Love


inevitably. this is a blog about love. today is Valentine's day, and a large portion of our world is boasting shades of pink and red... i have to admit, i think it's sweet. over-merchandised, yes... but incredibly sweet, nonetheless.

- - -

and in the midst of these romantic exclamations, my brain is on overdrive.

i'm sitting here thinking about all the different loves i have experienced. i'm remembering faces that seemed, at one time, as familiar to me as my own. i'm remembering the butterflies, the awkward dates, the intoxicating first kisses, the confusing breakups, all the notes and letters, the hopes still not forgotten. and of course - all the tumultuous emotions that accompany all these sweet nothings. all of the nights spent blushing, spent praying, giggling, crying, enjoying, doubting...

and all of the ways in my life that i've tried to give and receive love - and then, the ways i've responded when i did or did not succeed in those endeavors. i'm thinking about all of love's tenses... past, present, future - both noun and verb.

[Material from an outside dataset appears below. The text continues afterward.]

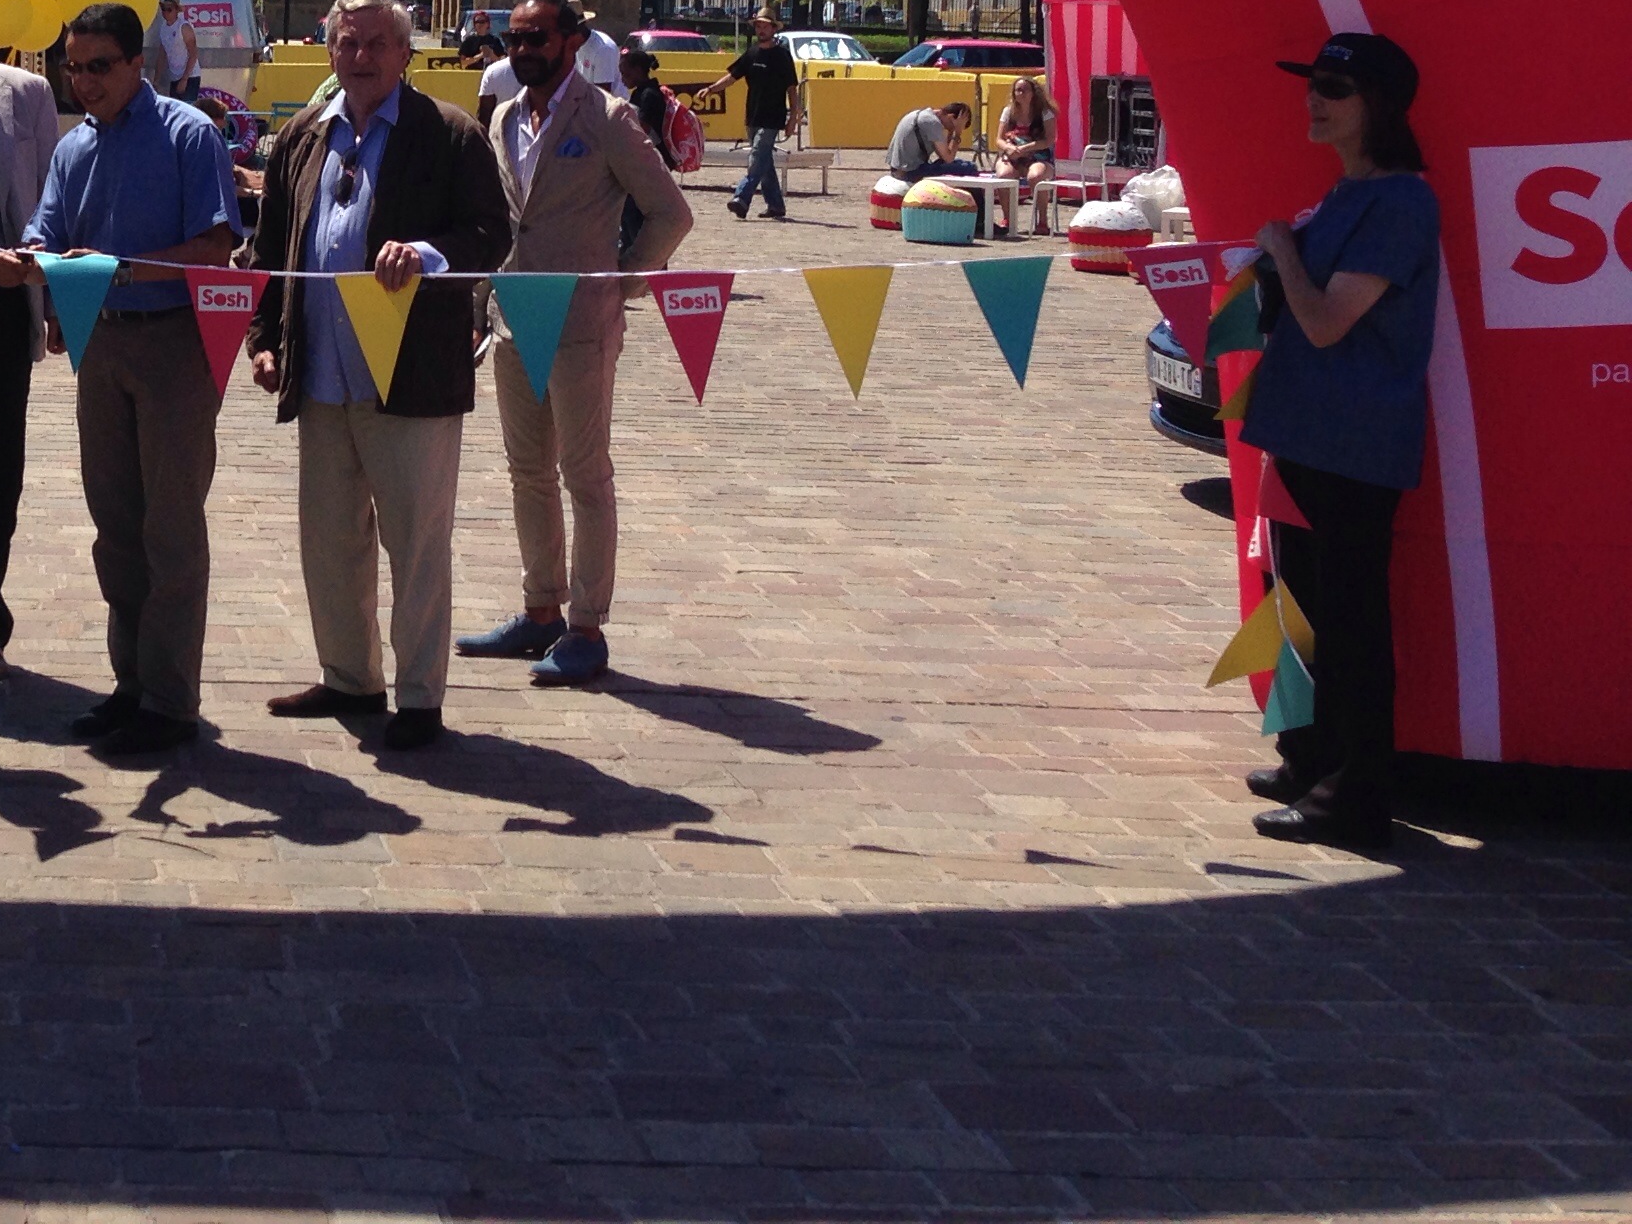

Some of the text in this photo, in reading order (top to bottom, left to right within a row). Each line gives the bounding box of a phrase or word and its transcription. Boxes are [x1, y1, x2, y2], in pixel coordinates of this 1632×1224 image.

[188, 7, 231, 24] Sosh
[1151, 265, 1204, 285] Sosh
[201, 288, 250, 308] Sosh
[667, 290, 718, 312] Sosh

and it is staggering - how much our days, our stances, our decisions, and even our salvation hinges upon Love's presence or absence... everything good is somehow about it, and there can be nothing good without it.

Love.

- - -

i'm 25. i don't have a boyfriend. i am not currently aware of any glowing prospects. i am not married. i do not have a casual lover. i do not have a child who depends on me. i am, in many ways, as solitary and independent as i have ever been... and today is Valentine's Day.

so... yikes?

am i inevitably set up for disaster today? i mean... honestly. will all the hidden hurts suddenly rise up from their grave as the clock strikes each hour?!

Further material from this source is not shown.